Provided data Start Marker

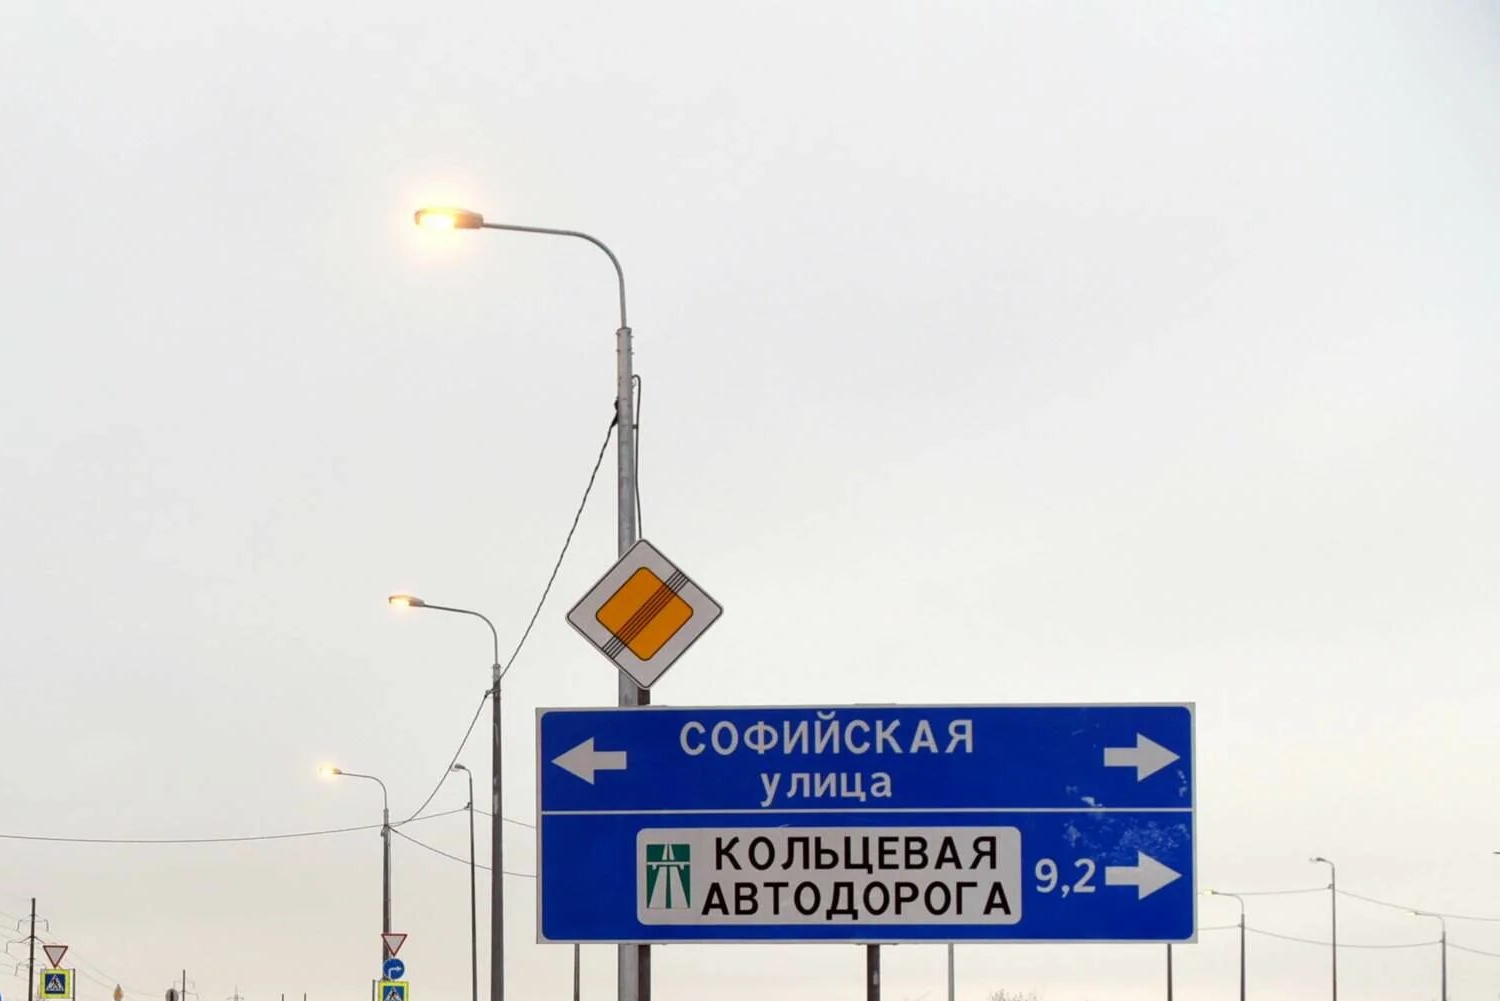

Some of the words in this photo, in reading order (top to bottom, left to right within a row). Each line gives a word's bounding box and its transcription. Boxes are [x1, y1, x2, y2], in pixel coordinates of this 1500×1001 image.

[680, 710, 974, 756] СОФИЙСКАЯ
[760, 769, 892, 806] улица
[715, 836, 997, 875] КОЛЬЦЕВАЯ
[1034, 858, 1097, 899] 9,2
[701, 881, 1011, 920] АВТОДОРОГА
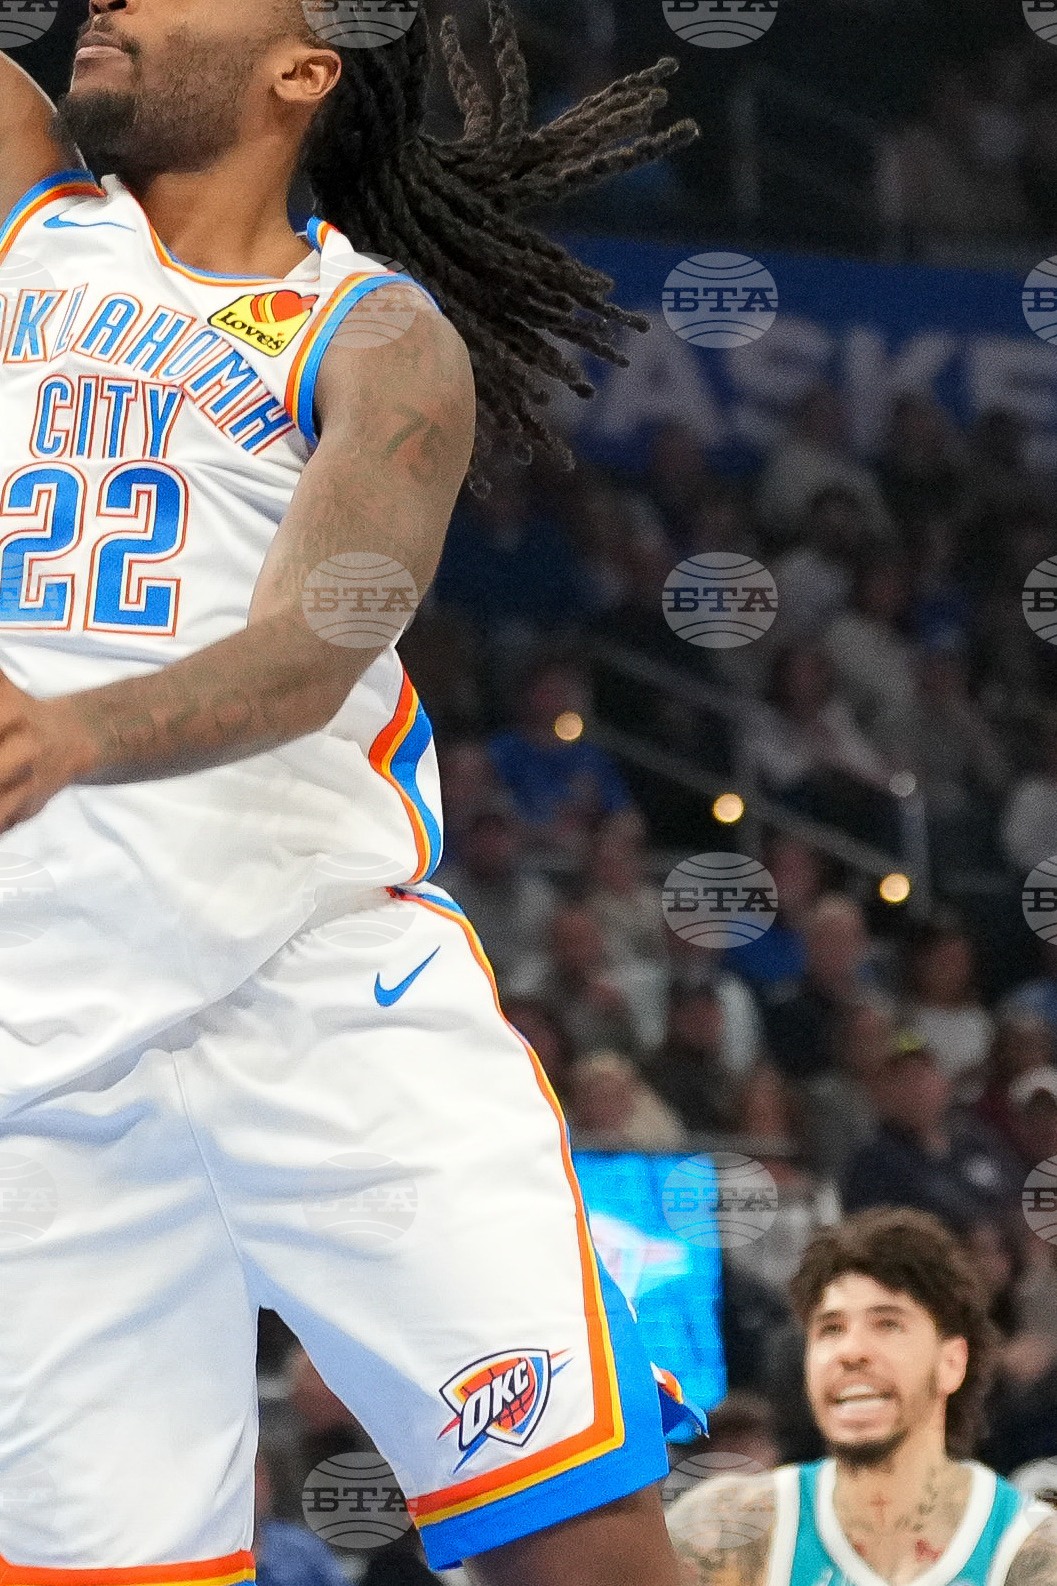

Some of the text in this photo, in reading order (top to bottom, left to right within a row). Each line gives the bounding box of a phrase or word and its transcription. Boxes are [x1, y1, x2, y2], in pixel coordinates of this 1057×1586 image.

[29, 374, 185, 460] CITY
[543, 310, 1057, 459] ASKE
[459, 1359, 531, 1452] OKC

Provided data End Marker

▶ Assignment
Type out the data above again exactly as written, minus the images.

▶ Task output
Some of the words in this photo, in reading order (top to bottom, left to right within a row). Each line gives a word's bounding box and its transcription. Boxes are [x1, y1, x2, y2], in pixel coordinates of this 1500×1001 image.

[680, 710, 974, 756] СОФИЙСКАЯ
[760, 769, 892, 806] улица
[715, 836, 997, 875] КОЛЬЦЕВАЯ
[1034, 858, 1097, 899] 9,2
[701, 881, 1011, 920] АВТОДОРОГА

Some of the text in this photo, in reading order (top to bottom, left to right within a row). Each line gives the bounding box of a phrase or word and its transcription. Boxes are [x1, y1, x2, y2], in pixel coordinates of this 1057×1586 image.

[29, 374, 185, 460] CITY
[543, 310, 1057, 459] ASKE
[459, 1359, 531, 1452] OKC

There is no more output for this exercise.